Kinerja pejabat eselon yang merangkap PPTK proyek tersebut dipertanyakan, sebab fungsi pengawasan dan pertanggungjawaban diduga tidak berjalan. Kontrak kerja antara pengguna anggaran dan konsultan pengawas bahkan dianggap hanya formalitas yang berpotensi menjadi celah praktik penyalahgunaan anggaran. Nominal jasa konsultan diduga mensrea money loundry.
Pembayaran jasa konsultan yang tidak optimal menjalankan tugasnya juga disebut sebagai bentuk pemborosan di tengah upaya efisiensi anggaran pemerintah daerah. Situasi ini berpotensi bertentangan dengan instruksi Bupati Bengkulu Utara, Arie Septia Adinata, SE, M.AP, yang sebelumnya menegaskan akan mengganti pejabat bila tidak menunjukkan kinerja dalam waktu tiga bulan setelah pelantikan 86 pejabat pada 26 September lalu.
Di lapangan, kejanggalan lain turut ditemukan.
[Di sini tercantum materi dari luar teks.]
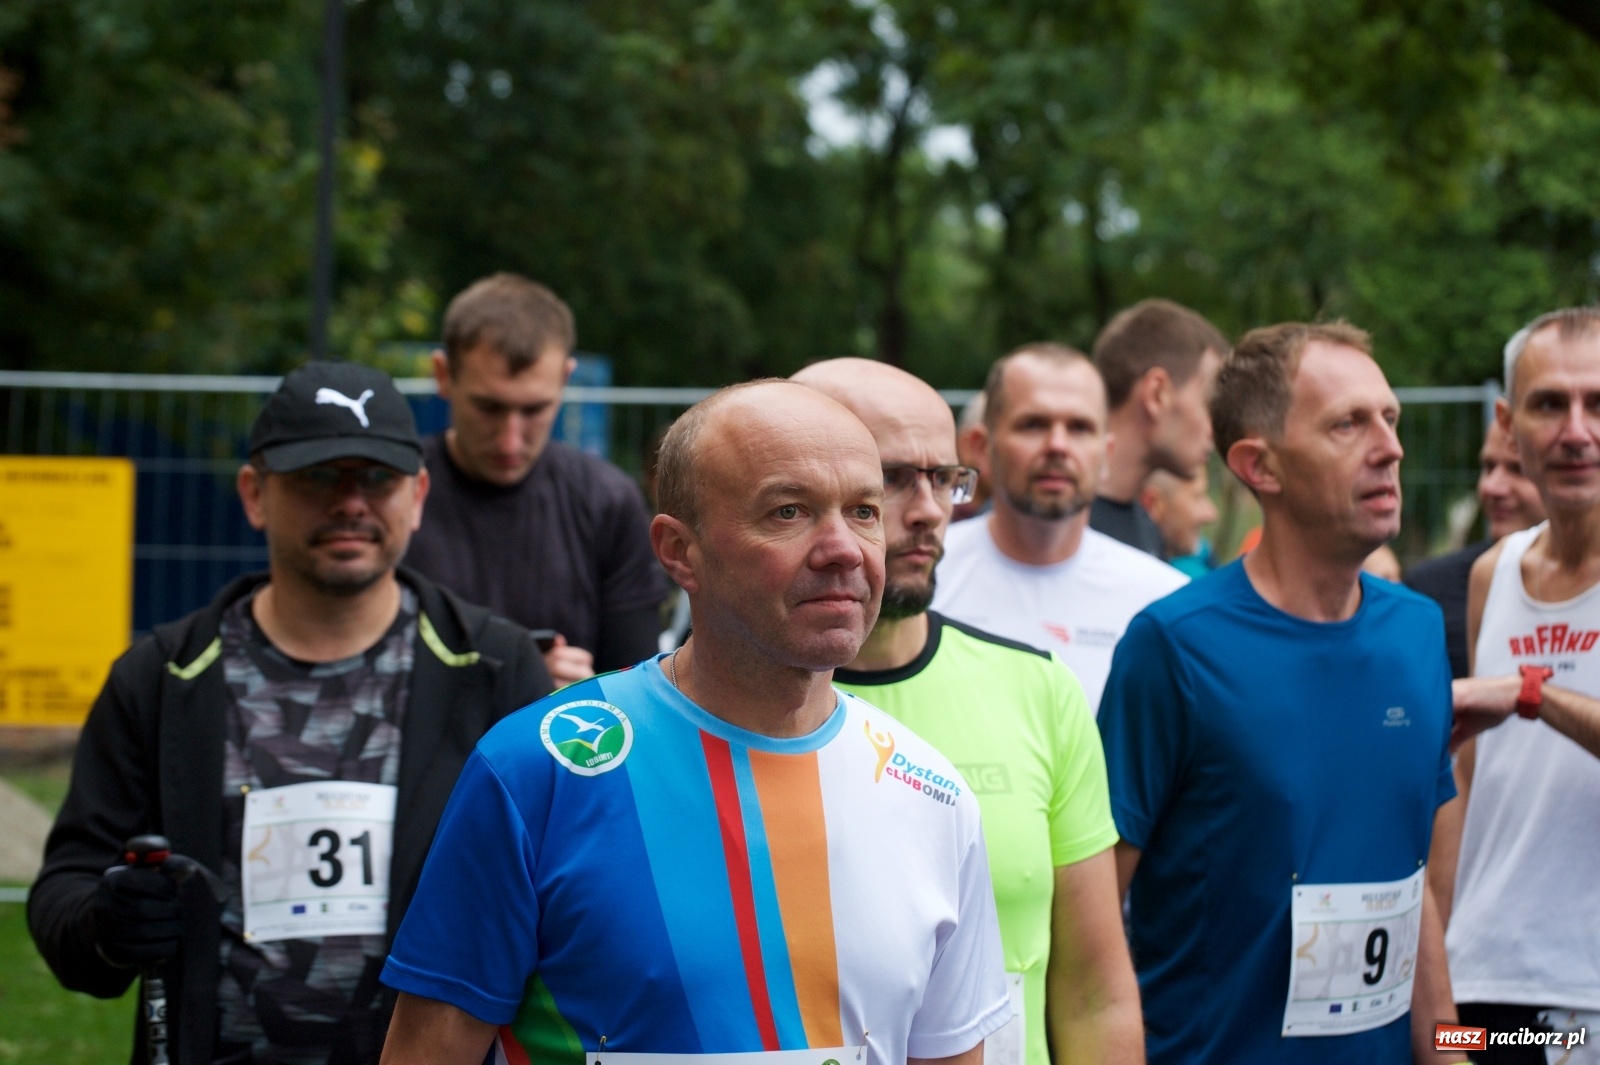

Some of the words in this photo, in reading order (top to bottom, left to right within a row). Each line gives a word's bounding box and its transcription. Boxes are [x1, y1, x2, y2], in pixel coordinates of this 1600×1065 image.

[541, 709, 560, 744] GMINA
[565, 700, 628, 723] LUBOMIA
[891, 752, 962, 797] Dystans
[308, 828, 374, 888] 31
[1363, 927, 1389, 986] 9
Selain galian tanah yang disorot, penggunaan material batu dinilai janggal karena pekerja tampak memanfaatkan batu dari puing bangunan lama. Pekerjaan pasangan batu juga terlihat tidak maksimal, ditandai banyaknya rongga setelah papan mal dibuka, yang mengindikasikan mortar tidak mengisi rongga batu dengan baik. Hal ini memunculkan dugaan adanya upaya mempercepat pekerjaan tanpa memperhatikan kualitas.
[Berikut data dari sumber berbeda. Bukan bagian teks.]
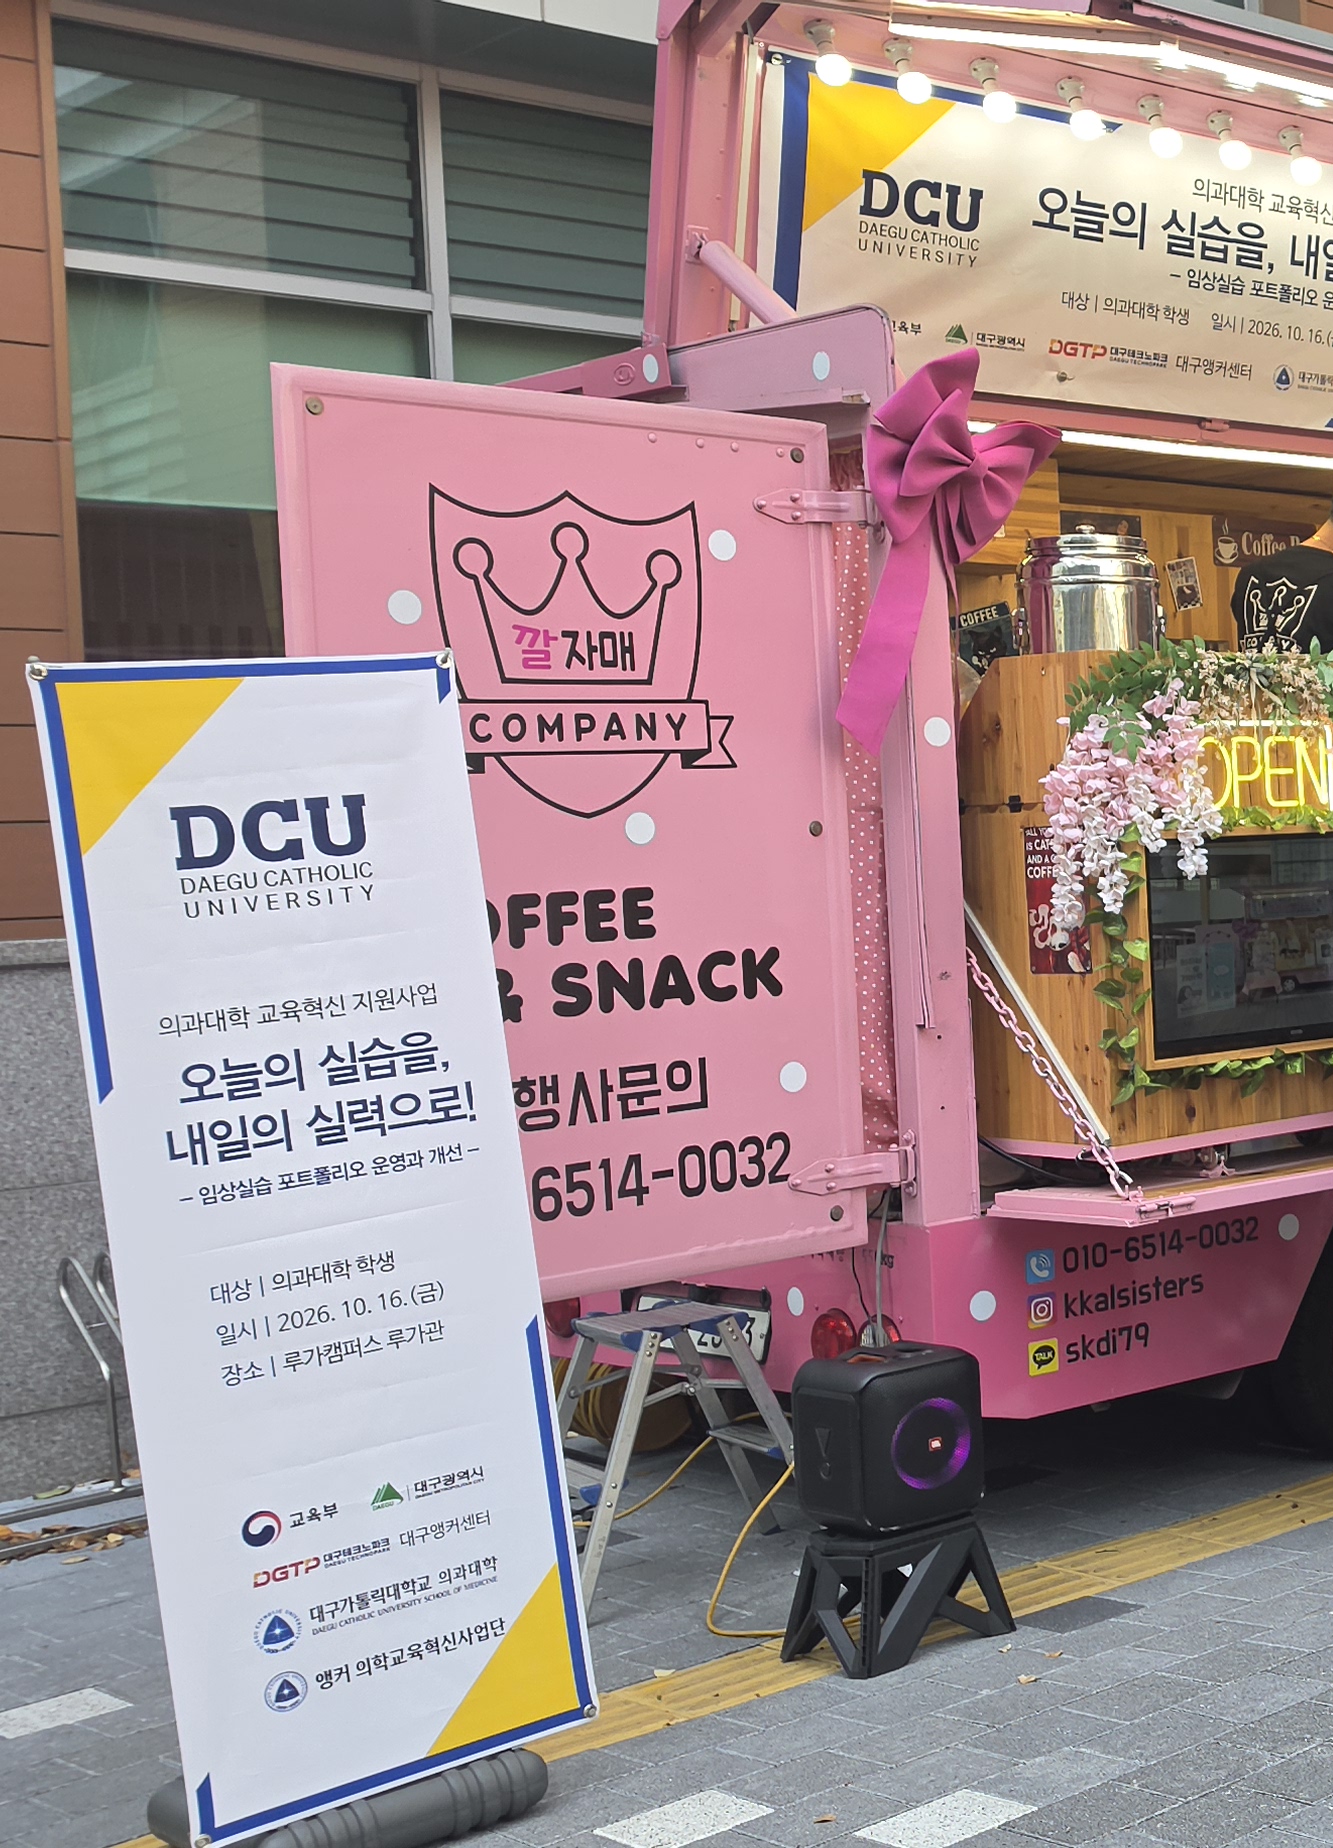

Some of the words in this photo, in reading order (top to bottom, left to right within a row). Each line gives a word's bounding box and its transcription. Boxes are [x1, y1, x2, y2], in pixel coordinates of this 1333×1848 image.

Ketidaksesuaian ukuran juga ditemukan. Berdasarkan keterangan, lebar pasangan drainase seharusnya 30 cm, maupun lebar atas maupun lebar bawah. Namun ketika diukur, di lapangan menunjukkan lebar atas kurang dari 24 cm. Gambar perencanaan proyek pun tidak dipasang pada direksi keet sebagai informasi publik.
Upaya konfirmasi kepada pihak kontraktor tidak membuahkan hasil, karena yang bersangkutan tidak kooperatif. Padahal, hak jawab kontraktor diharapkan dapat memberikan klarifikasi atas berbagai temuan tersebut. (Red)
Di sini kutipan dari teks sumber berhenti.